As thousands of baby boomers enter their 70s every day in this country, it’s clear that this generation is changing our idea of what constitutes being “old.”  The “Greatest Generation” survived the Depression and saved the American Way of Life in World War II, but boomers are now reinventing the concept of older age- a historic achievement in itself.  For the past century in the United States, the post-employment stage of life was viewed as a kind of epilogue to the main body of work.  There were exceptions, of course, but people older than 65 were generally considered no longer active, productive, and contributing members of society.  The passage of Social Security in the 1930s and Medicare in the 1960s were of tremendous benefit, but made older Americans appear like dependents, and further marginalized them from the rest of the “useful” population.  Boomers are changing that perception, a cultural pivot point that will perhaps serve as their greatest legacy.

A big part of the rethinking of what constitutes “oldness” is the decreasing significance of biologically defined age.  There is a greater understanding that one doesn’t go to bed one night “young” and wake up the following morning “old” just because it happens to be your 50th, 60th, or 70th birthday, making such milestones increasingly less important.  The virtually disappearance of mandatory retirement (usually at age 65) has also made one’s age not the defining marker it used to be.  The great variation in older people’s physical and cognitive condition- a 70 year old can be fit as a fiddle or a total wreck- is additional reason to no longer view biological age as a particularly reliable measure of who a person actually is.

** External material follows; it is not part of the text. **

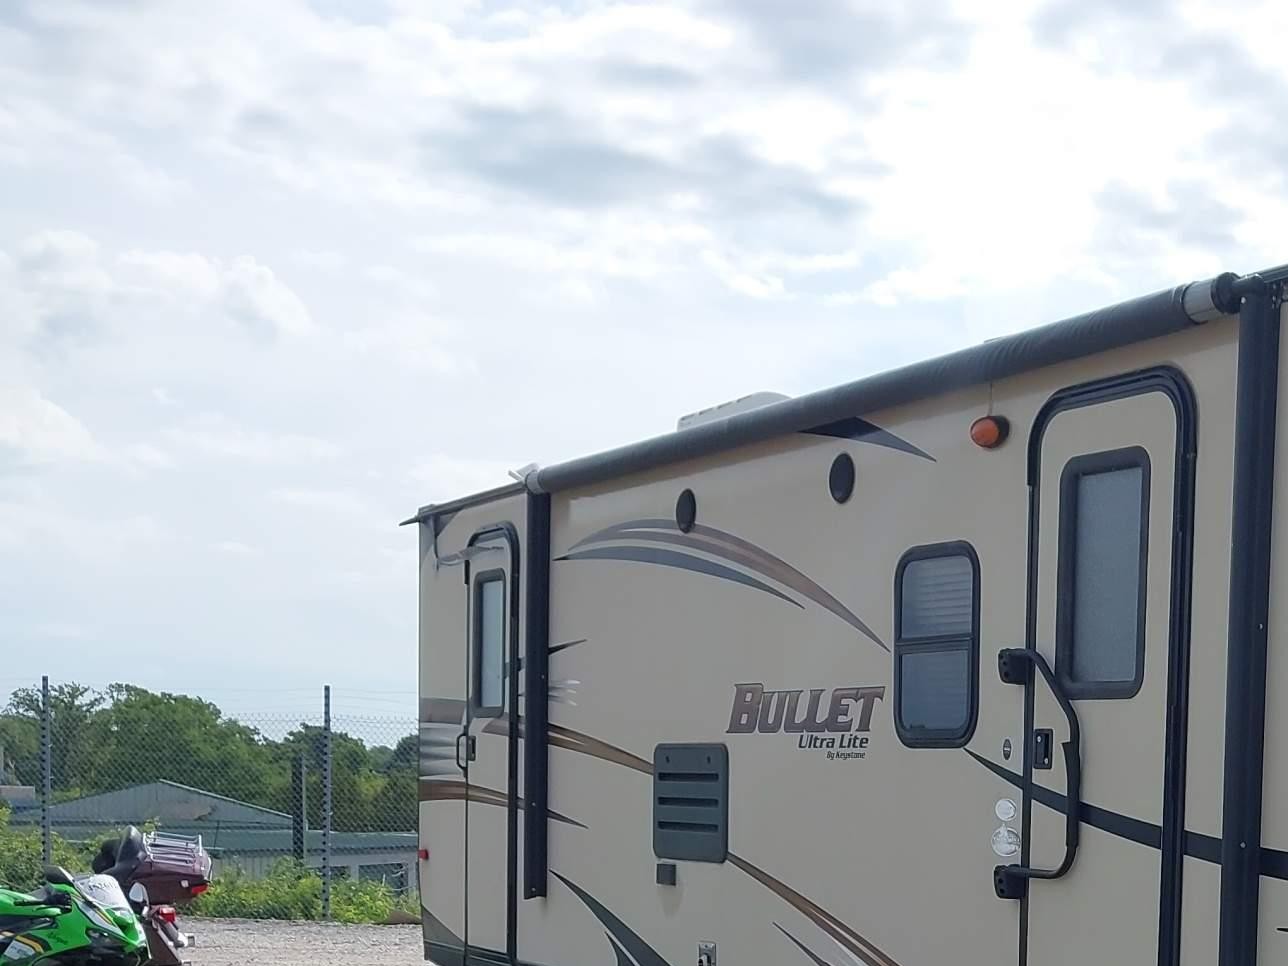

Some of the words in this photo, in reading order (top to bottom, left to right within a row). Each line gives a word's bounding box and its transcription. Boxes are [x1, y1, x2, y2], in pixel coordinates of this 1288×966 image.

Baby boomers’ recasting of what used to be considered “old age” or one’s “senior years” carries enormous cultural freight.  By continuing to work and live active lives for as long as physically and mentally possible, boomers are blurring the lines between middle age and older age, in the process making the final phase of life not just a postscript to one’s productive years.  For the next couple of decades, anyway, the word “boomers” may even come to serve as the defining term of people who are in their mid-50s or older, an interesting possibility.  No one was ever really comfortable with the terminology associated with older people (“seniors,” “matures,” “elderly,” and newly politically correct labels such as “seasoned citizens,” “wellderly,” or “superadults”), making such a scenario to me an attractive one.